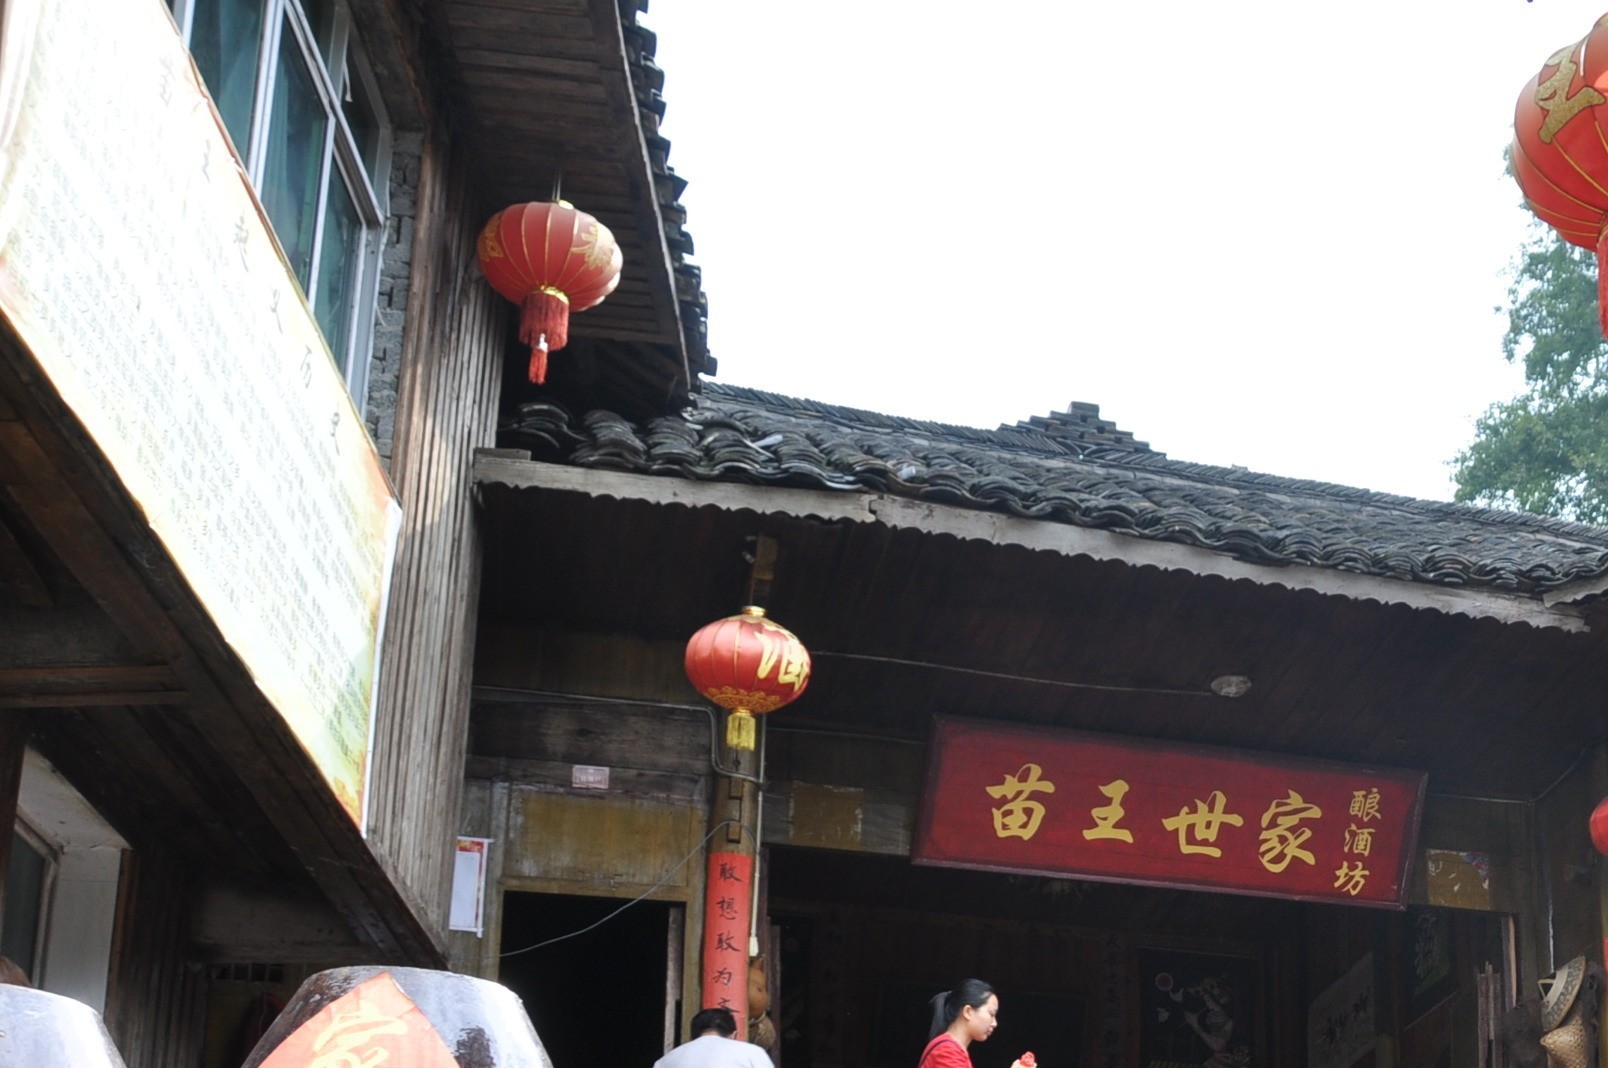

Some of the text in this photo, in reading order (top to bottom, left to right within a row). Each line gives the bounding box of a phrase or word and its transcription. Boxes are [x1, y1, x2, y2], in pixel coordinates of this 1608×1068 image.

[985, 763, 1322, 874] 苗王世家
[1334, 787, 1382, 896] 酿酒坊
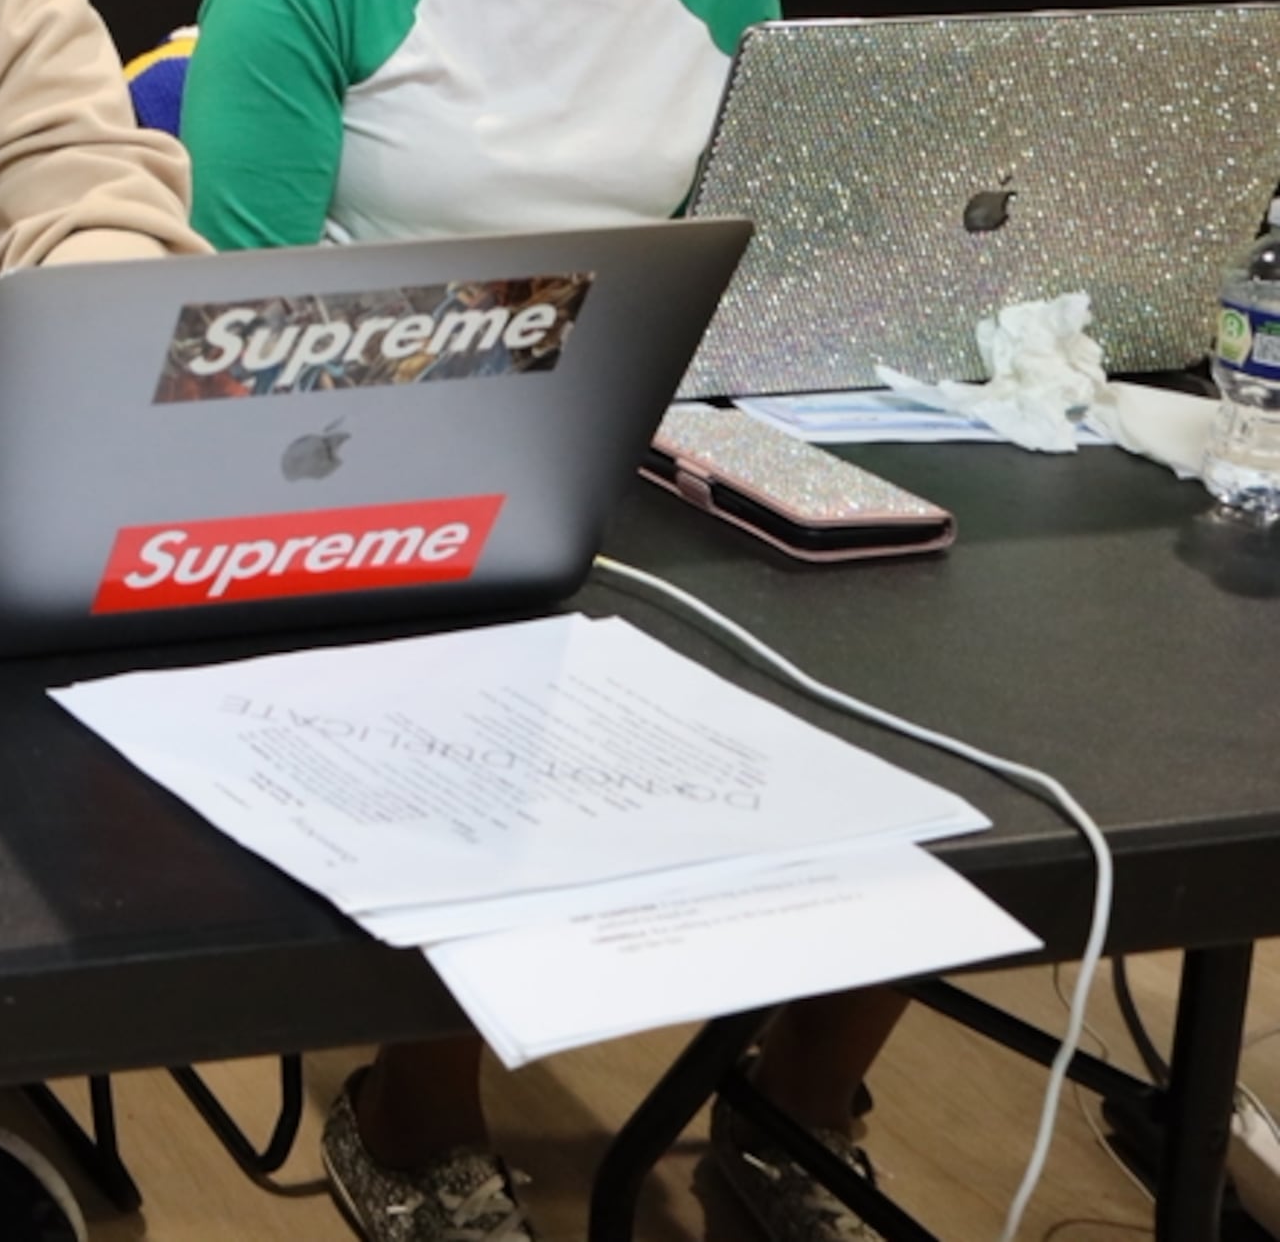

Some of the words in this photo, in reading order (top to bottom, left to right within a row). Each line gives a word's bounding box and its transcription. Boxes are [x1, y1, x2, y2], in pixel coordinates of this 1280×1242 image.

[188, 303, 557, 388] Supreme
[123, 521, 470, 598] Supreme
[540, 759, 656, 798] NOT

------------------------------------------------------------------------

- Exercise directions -
Your answer must be an exact transcription of the lines from the one containing "Some of the words" through the last line of the records above, and nothing else.

- Response box -
Some of the words in this photo, in reading order (top to bottom, left to right within a row). Each line gives a word's bounding box and its transcription. Boxes are [x1, y1, x2, y2], in pixel coordinates of this 1280×1242 image.

[188, 303, 557, 388] Supreme
[123, 521, 470, 598] Supreme
[540, 759, 656, 798] NOT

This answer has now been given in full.